Make an exact copy of every entry, leaving the pictures out.
--------------------
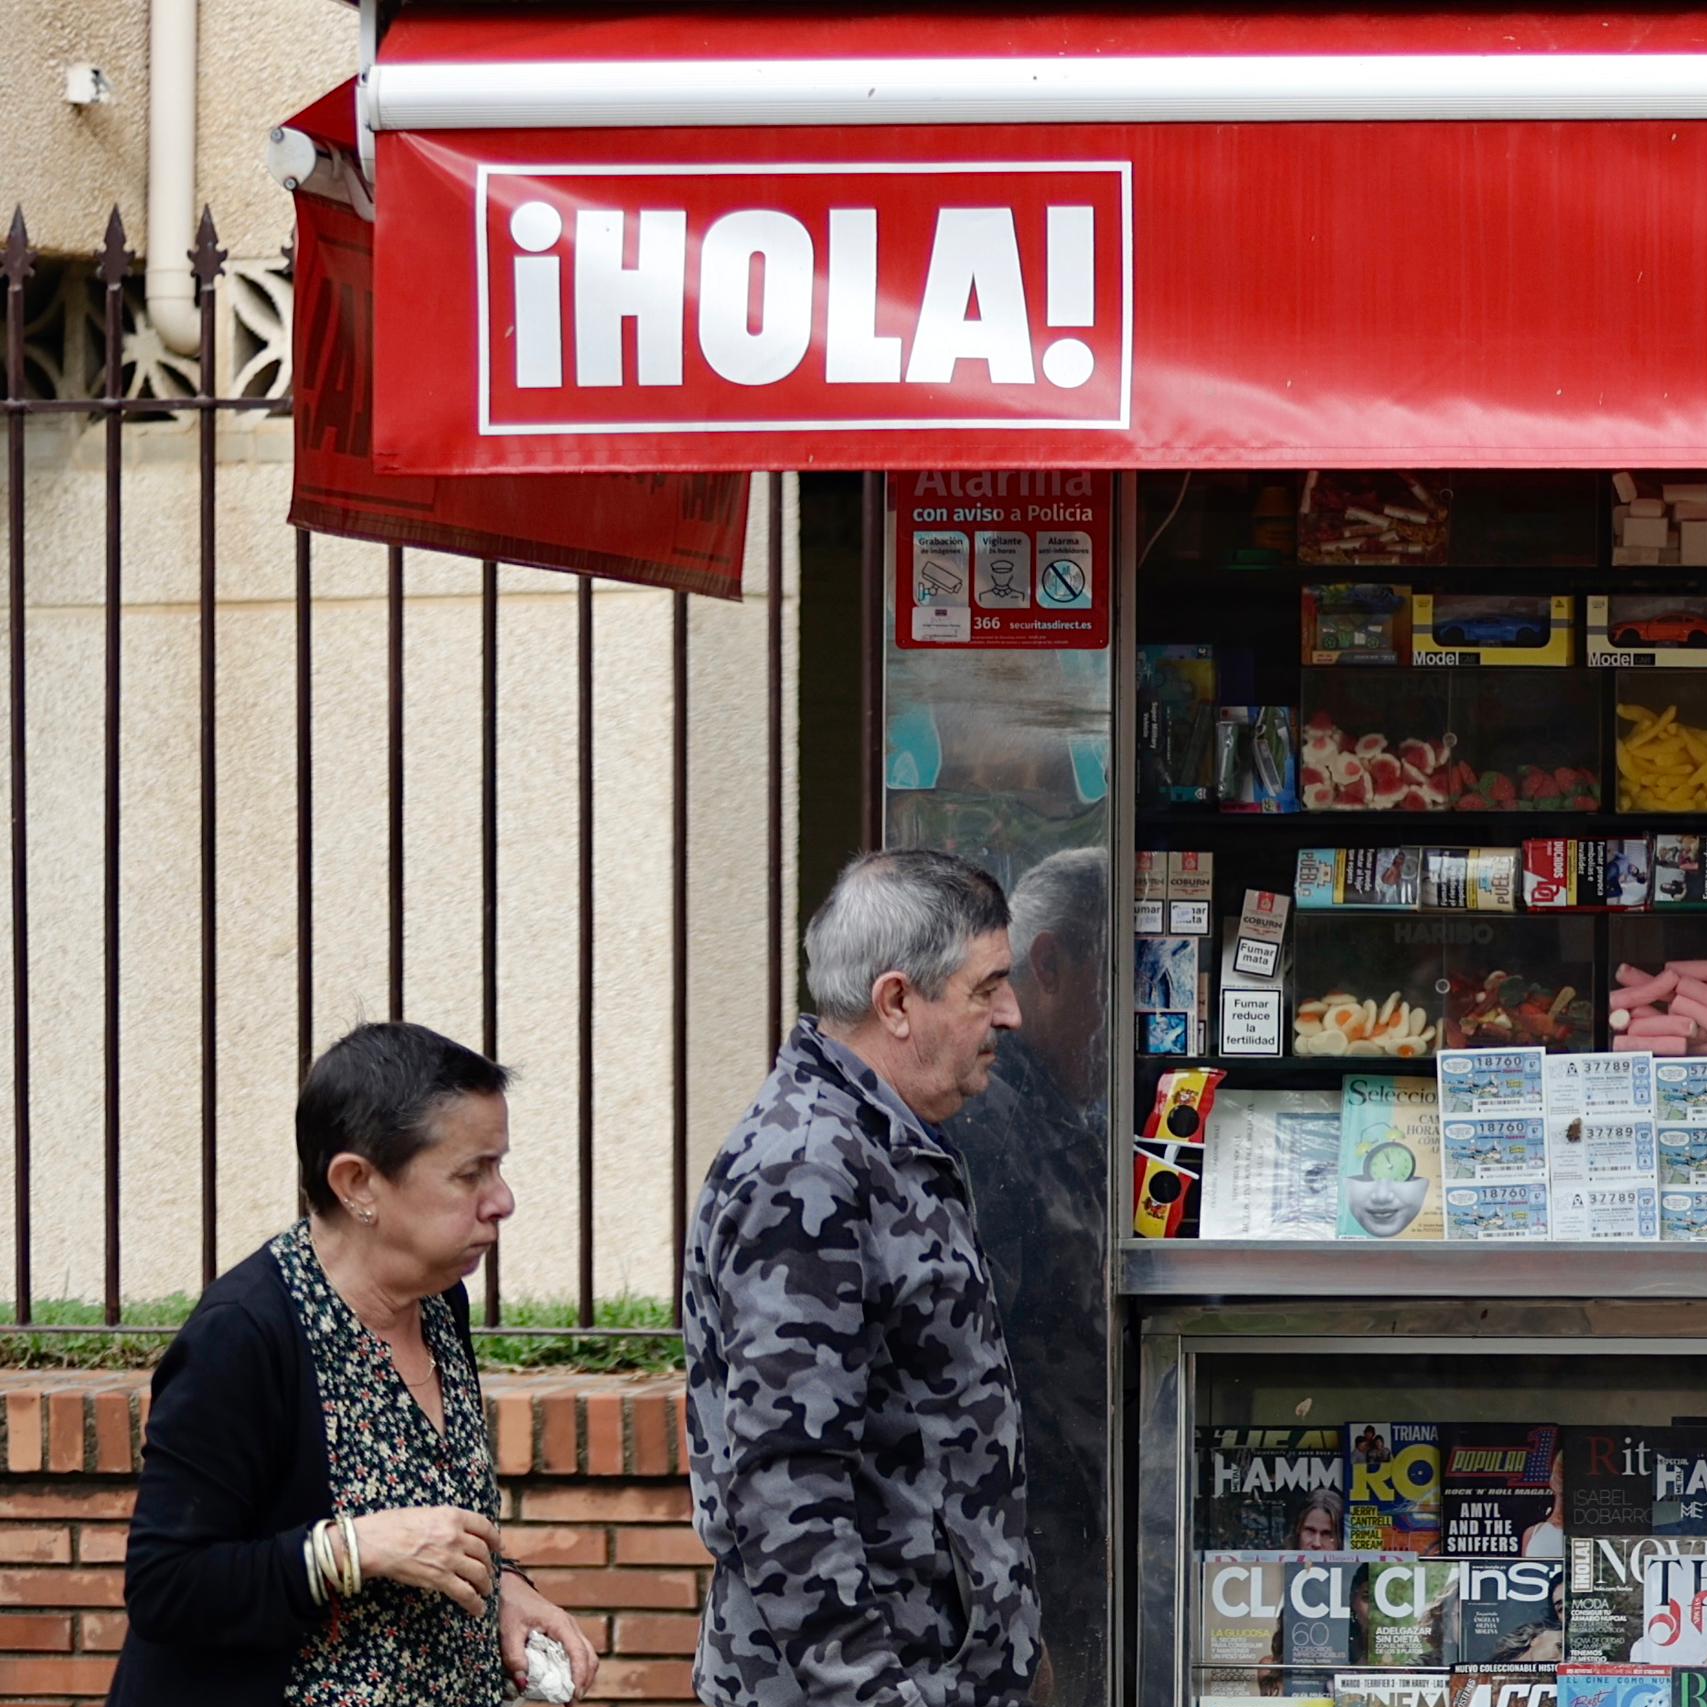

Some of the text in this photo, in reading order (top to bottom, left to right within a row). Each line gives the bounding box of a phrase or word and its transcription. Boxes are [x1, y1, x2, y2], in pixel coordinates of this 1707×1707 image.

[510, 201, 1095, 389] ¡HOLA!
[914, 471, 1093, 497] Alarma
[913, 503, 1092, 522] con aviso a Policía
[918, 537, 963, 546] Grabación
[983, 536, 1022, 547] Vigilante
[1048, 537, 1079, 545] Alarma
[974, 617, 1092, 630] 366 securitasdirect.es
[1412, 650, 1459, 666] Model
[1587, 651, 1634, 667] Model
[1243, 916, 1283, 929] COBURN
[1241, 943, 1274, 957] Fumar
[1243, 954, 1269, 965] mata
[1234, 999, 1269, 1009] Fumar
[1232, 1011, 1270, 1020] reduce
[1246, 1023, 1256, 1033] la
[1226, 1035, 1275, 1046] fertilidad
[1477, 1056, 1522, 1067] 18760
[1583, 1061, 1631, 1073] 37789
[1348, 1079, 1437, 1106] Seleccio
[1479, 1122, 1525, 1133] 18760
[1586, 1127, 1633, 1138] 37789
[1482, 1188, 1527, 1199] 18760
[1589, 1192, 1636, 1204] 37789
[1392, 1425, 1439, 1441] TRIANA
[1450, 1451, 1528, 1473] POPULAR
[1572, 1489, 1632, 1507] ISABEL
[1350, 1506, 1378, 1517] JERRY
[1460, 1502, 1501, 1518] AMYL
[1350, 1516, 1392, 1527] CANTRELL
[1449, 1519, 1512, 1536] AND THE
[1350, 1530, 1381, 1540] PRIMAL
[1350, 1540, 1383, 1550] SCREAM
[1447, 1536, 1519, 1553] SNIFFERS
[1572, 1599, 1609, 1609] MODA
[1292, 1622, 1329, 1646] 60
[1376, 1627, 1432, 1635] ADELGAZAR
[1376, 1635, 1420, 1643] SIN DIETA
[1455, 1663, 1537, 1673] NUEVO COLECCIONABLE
--------------------
### Expected answer
Some of the text in this photo, in reading order (top to bottom, left to right within a row). Each line gives the bounding box of a phrase or word and its transcription. Boxes are [x1, y1, x2, y2], in pixel coordinates of this 1707×1707 image.

[510, 201, 1095, 389] ¡HOLA!
[914, 471, 1093, 497] Alarma
[913, 503, 1092, 522] con aviso a Policía
[918, 537, 963, 546] Grabación
[983, 536, 1022, 547] Vigilante
[1048, 537, 1079, 545] Alarma
[974, 617, 1092, 630] 366 securitasdirect.es
[1412, 650, 1459, 666] Model
[1587, 651, 1634, 667] Model
[1243, 916, 1283, 929] COBURN
[1241, 943, 1274, 957] Fumar
[1243, 954, 1269, 965] mata
[1234, 999, 1269, 1009] Fumar
[1232, 1011, 1270, 1020] reduce
[1246, 1023, 1256, 1033] la
[1226, 1035, 1275, 1046] fertilidad
[1477, 1056, 1522, 1067] 18760
[1583, 1061, 1631, 1073] 37789
[1348, 1079, 1437, 1106] Seleccio
[1479, 1122, 1525, 1133] 18760
[1586, 1127, 1633, 1138] 37789
[1482, 1188, 1527, 1199] 18760
[1589, 1192, 1636, 1204] 37789
[1392, 1425, 1439, 1441] TRIANA
[1450, 1451, 1528, 1473] POPULAR
[1572, 1489, 1632, 1507] ISABEL
[1350, 1506, 1378, 1517] JERRY
[1460, 1502, 1501, 1518] AMYL
[1350, 1516, 1392, 1527] CANTRELL
[1449, 1519, 1512, 1536] AND THE
[1350, 1530, 1381, 1540] PRIMAL
[1350, 1540, 1383, 1550] SCREAM
[1447, 1536, 1519, 1553] SNIFFERS
[1572, 1599, 1609, 1609] MODA
[1292, 1622, 1329, 1646] 60
[1376, 1627, 1432, 1635] ADELGAZAR
[1376, 1635, 1420, 1643] SIN DIETA
[1455, 1663, 1537, 1673] NUEVO COLECCIONABLE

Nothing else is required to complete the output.